▶ YOUR ASSIGNMENT
Since the copy must hold text only, transcribe the data below exactly and omit the images.

Collection entries:

--

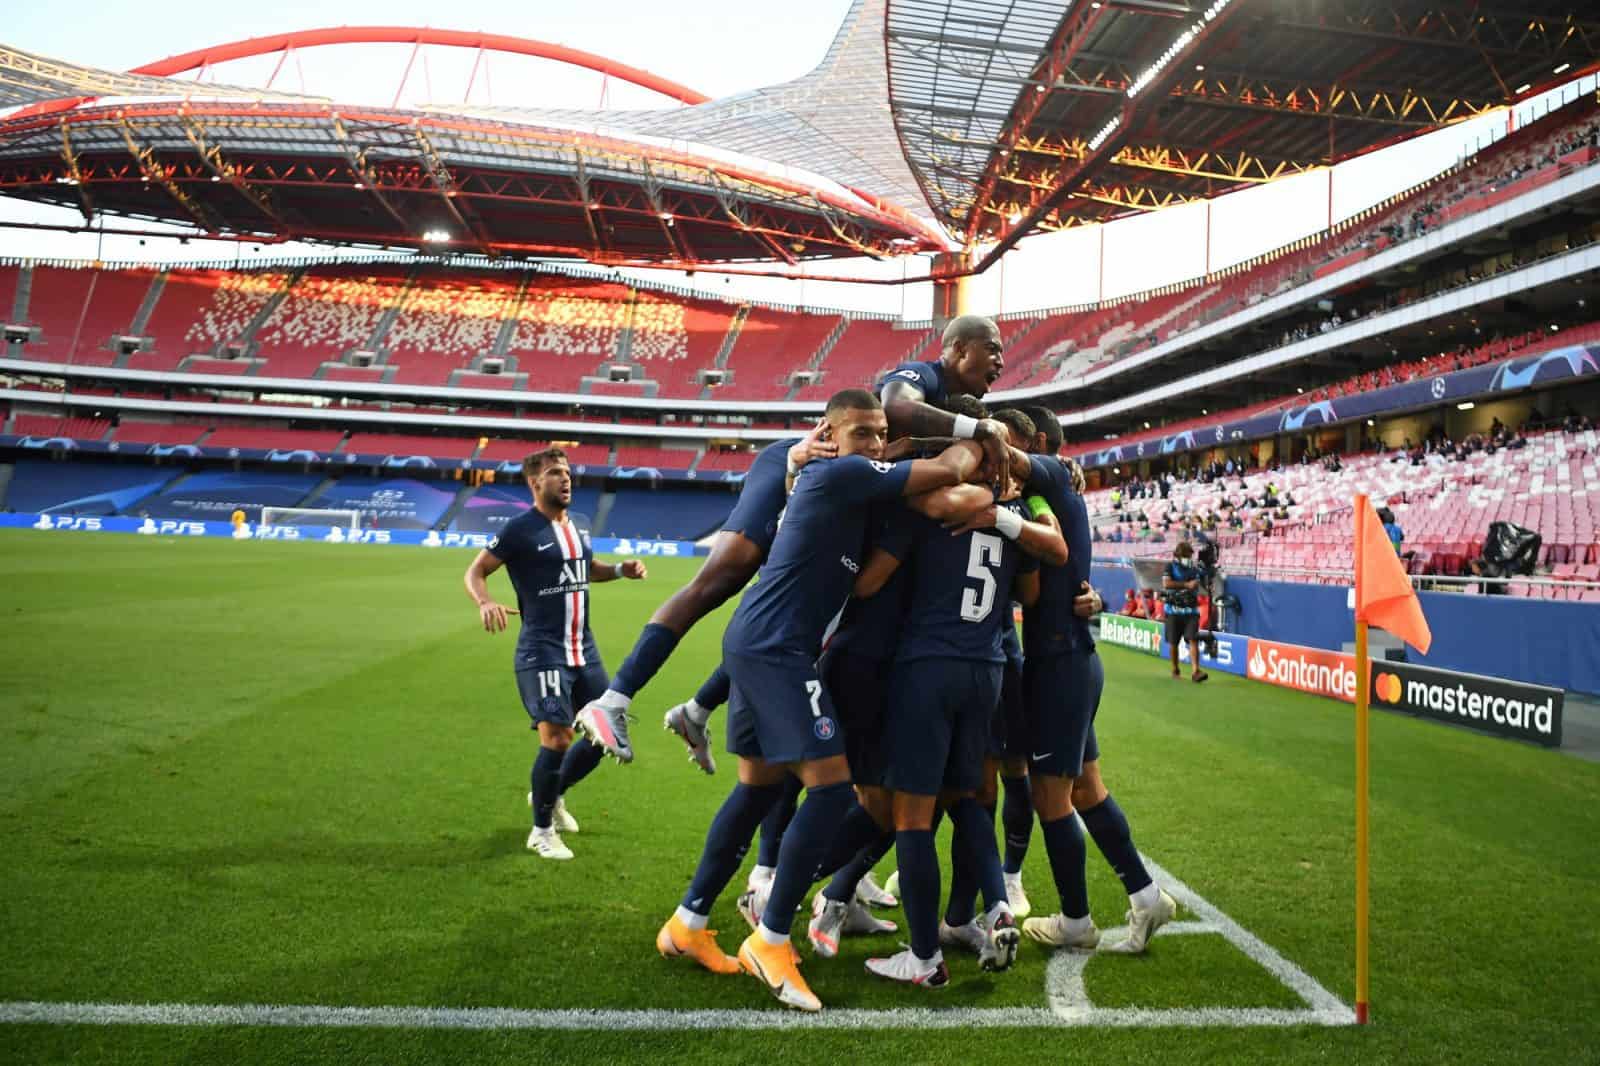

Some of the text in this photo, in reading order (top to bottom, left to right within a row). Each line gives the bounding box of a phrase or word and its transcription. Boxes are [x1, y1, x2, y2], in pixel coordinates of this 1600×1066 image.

[56, 517, 102, 530] PS5
[160, 521, 206, 534] PS5
[347, 529, 391, 543] PS5
[444, 533, 488, 546] PS5
[635, 541, 678, 555] PS5
[961, 531, 1004, 622] 5
[1100, 616, 1151, 649] Heineken
[538, 670, 561, 698] 14
[1267, 648, 1358, 698] Santande
[806, 680, 822, 717] 7
[1407, 680, 1553, 734] mastercard
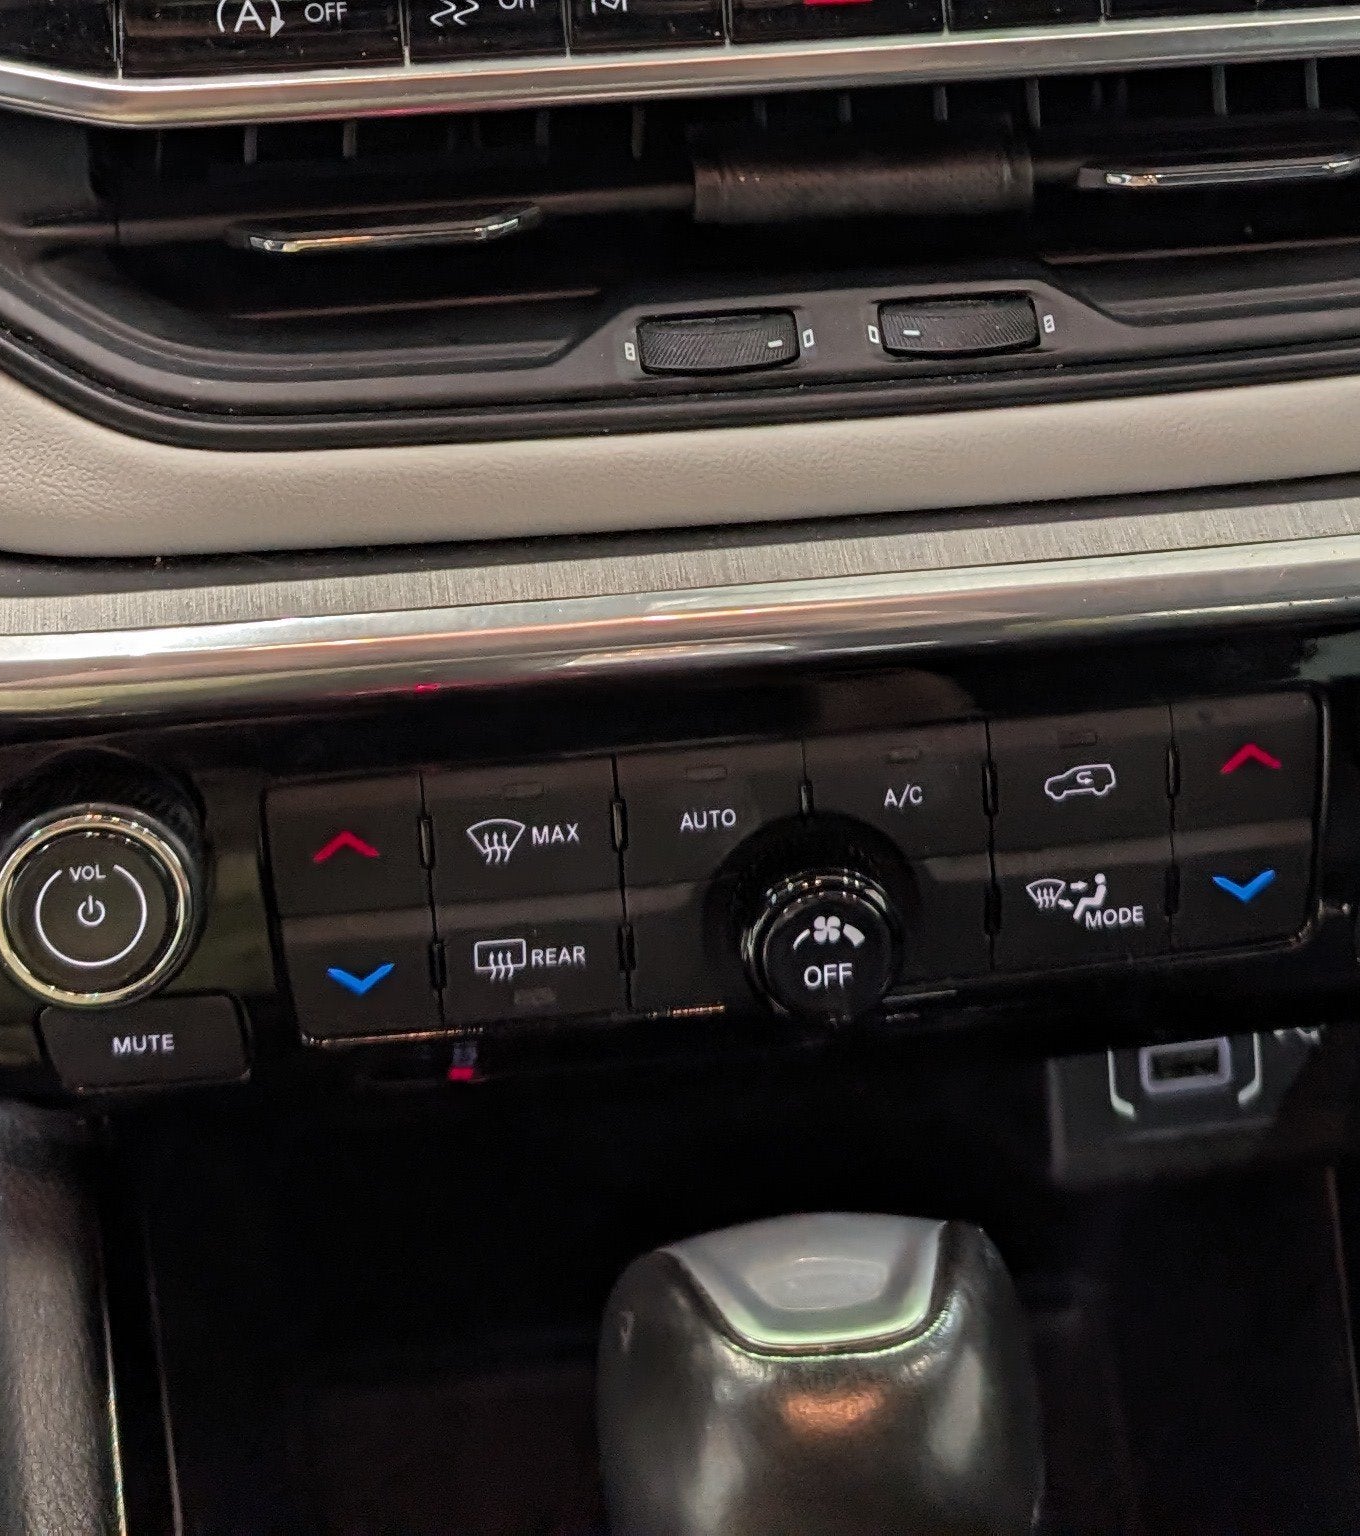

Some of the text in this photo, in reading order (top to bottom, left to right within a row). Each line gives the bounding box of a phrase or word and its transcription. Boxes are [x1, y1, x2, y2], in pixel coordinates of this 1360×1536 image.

[305, 2, 347, 22] OFF
[884, 784, 922, 807] A/C
[681, 809, 736, 830] AUTO
[532, 823, 578, 844] MAX
[69, 865, 106, 881] VOL
[1084, 903, 1144, 929] MODE
[532, 946, 585, 966] REAR
[804, 963, 852, 987] OFF
[113, 1034, 174, 1053] MUTE
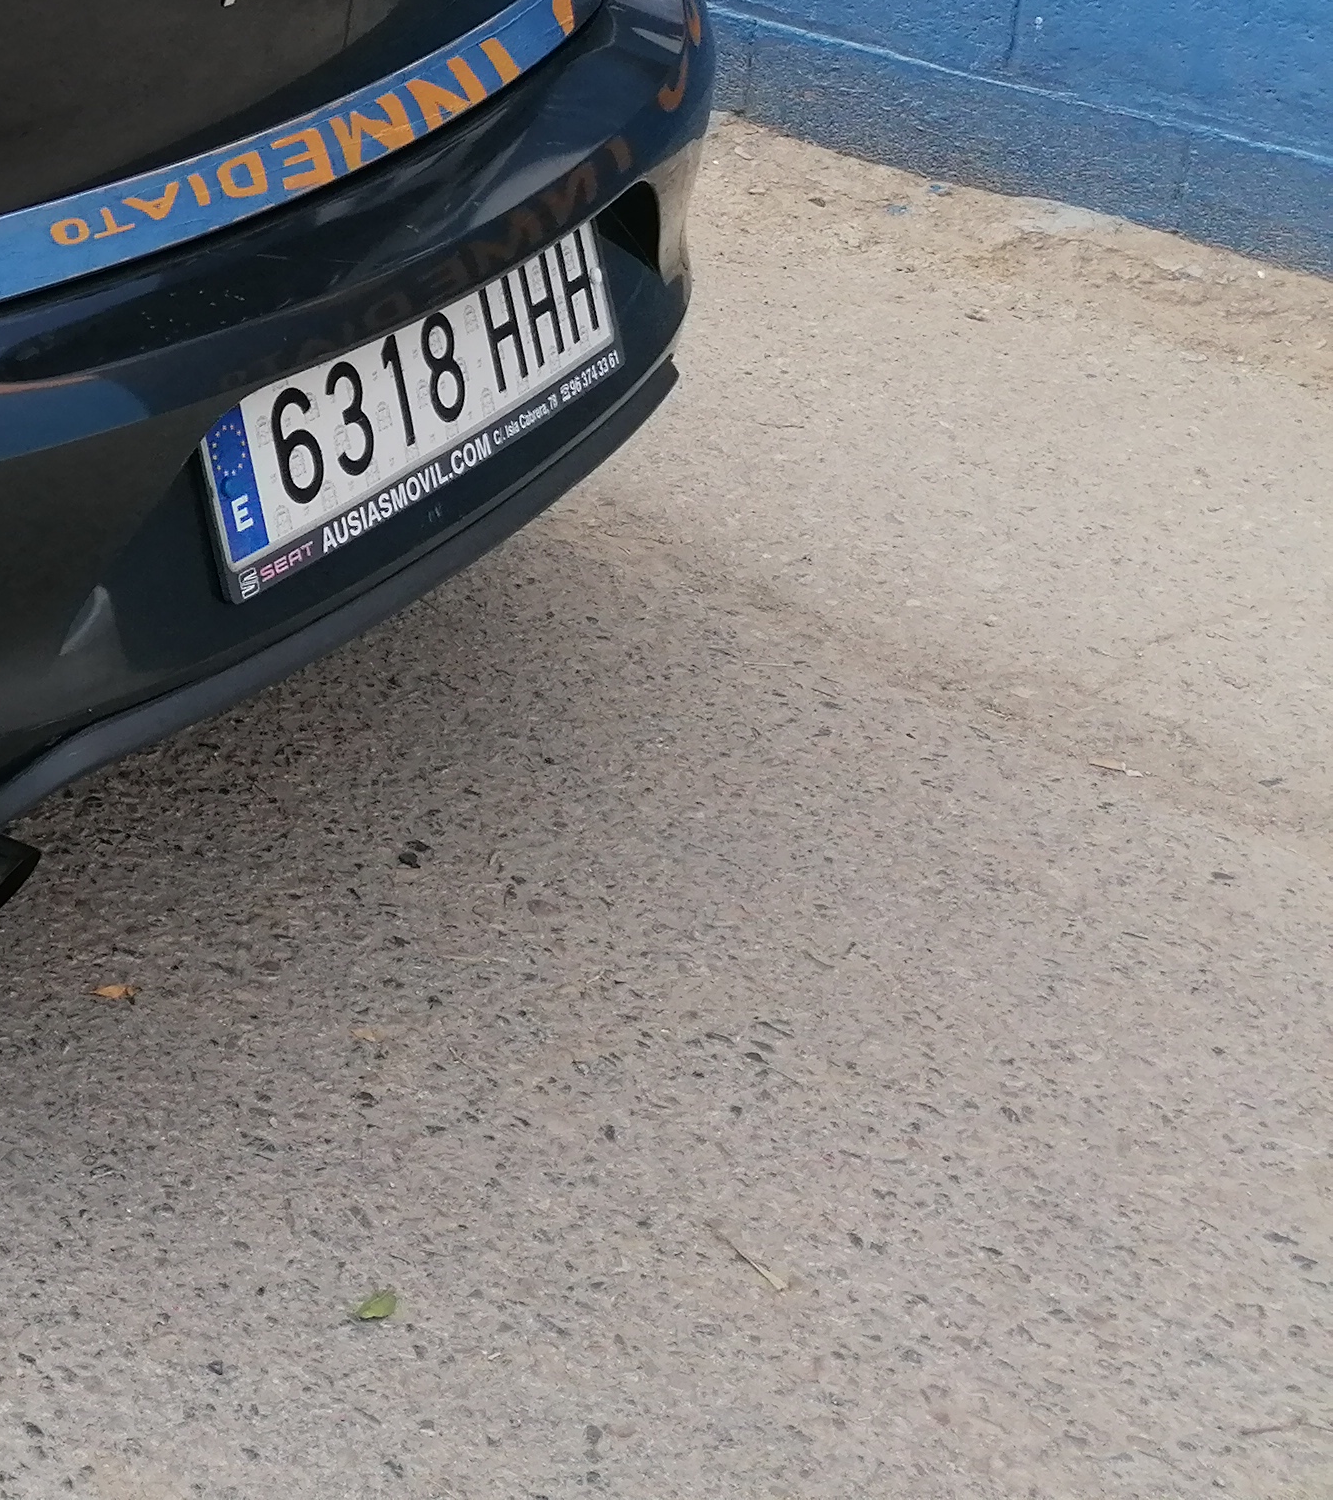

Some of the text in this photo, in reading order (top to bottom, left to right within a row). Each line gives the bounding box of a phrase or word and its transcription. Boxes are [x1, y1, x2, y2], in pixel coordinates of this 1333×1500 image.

[230, 227, 600, 533] E 6318 HHH
[259, 540, 314, 583] SEAT
[321, 432, 492, 555] AUSIASMOVIL.COM

--

▶ SOLVED PROBLEM
Some of the text in this photo, in reading order (top to bottom, left to right within a row). Each line gives the bounding box of a phrase or word and its transcription. Boxes are [x1, y1, x2, y2], in pixel coordinates of this 1600×1066 image.

[56, 517, 102, 530] PS5
[160, 521, 206, 534] PS5
[347, 529, 391, 543] PS5
[444, 533, 488, 546] PS5
[635, 541, 678, 555] PS5
[961, 531, 1004, 622] 5
[1100, 616, 1151, 649] Heineken
[538, 670, 561, 698] 14
[1267, 648, 1358, 698] Santande
[806, 680, 822, 717] 7
[1407, 680, 1553, 734] mastercard

Some of the text in this photo, in reading order (top to bottom, left to right within a row). Each line gives the bounding box of a phrase or word and its transcription. Boxes are [x1, y1, x2, y2], in pixel coordinates of this 1360×1536 image.

[305, 2, 347, 22] OFF
[884, 784, 922, 807] A/C
[681, 809, 736, 830] AUTO
[532, 823, 578, 844] MAX
[69, 865, 106, 881] VOL
[1084, 903, 1144, 929] MODE
[532, 946, 585, 966] REAR
[804, 963, 852, 987] OFF
[113, 1034, 174, 1053] MUTE

Some of the text in this photo, in reading order (top to bottom, left to right within a row). Each line gives the bounding box of a phrase or word and its transcription. Boxes are [x1, y1, x2, y2], in pixel coordinates of this 1333×1500 image.

[230, 227, 600, 533] E 6318 HHH
[259, 540, 314, 583] SEAT
[321, 432, 492, 555] AUSIASMOVIL.COM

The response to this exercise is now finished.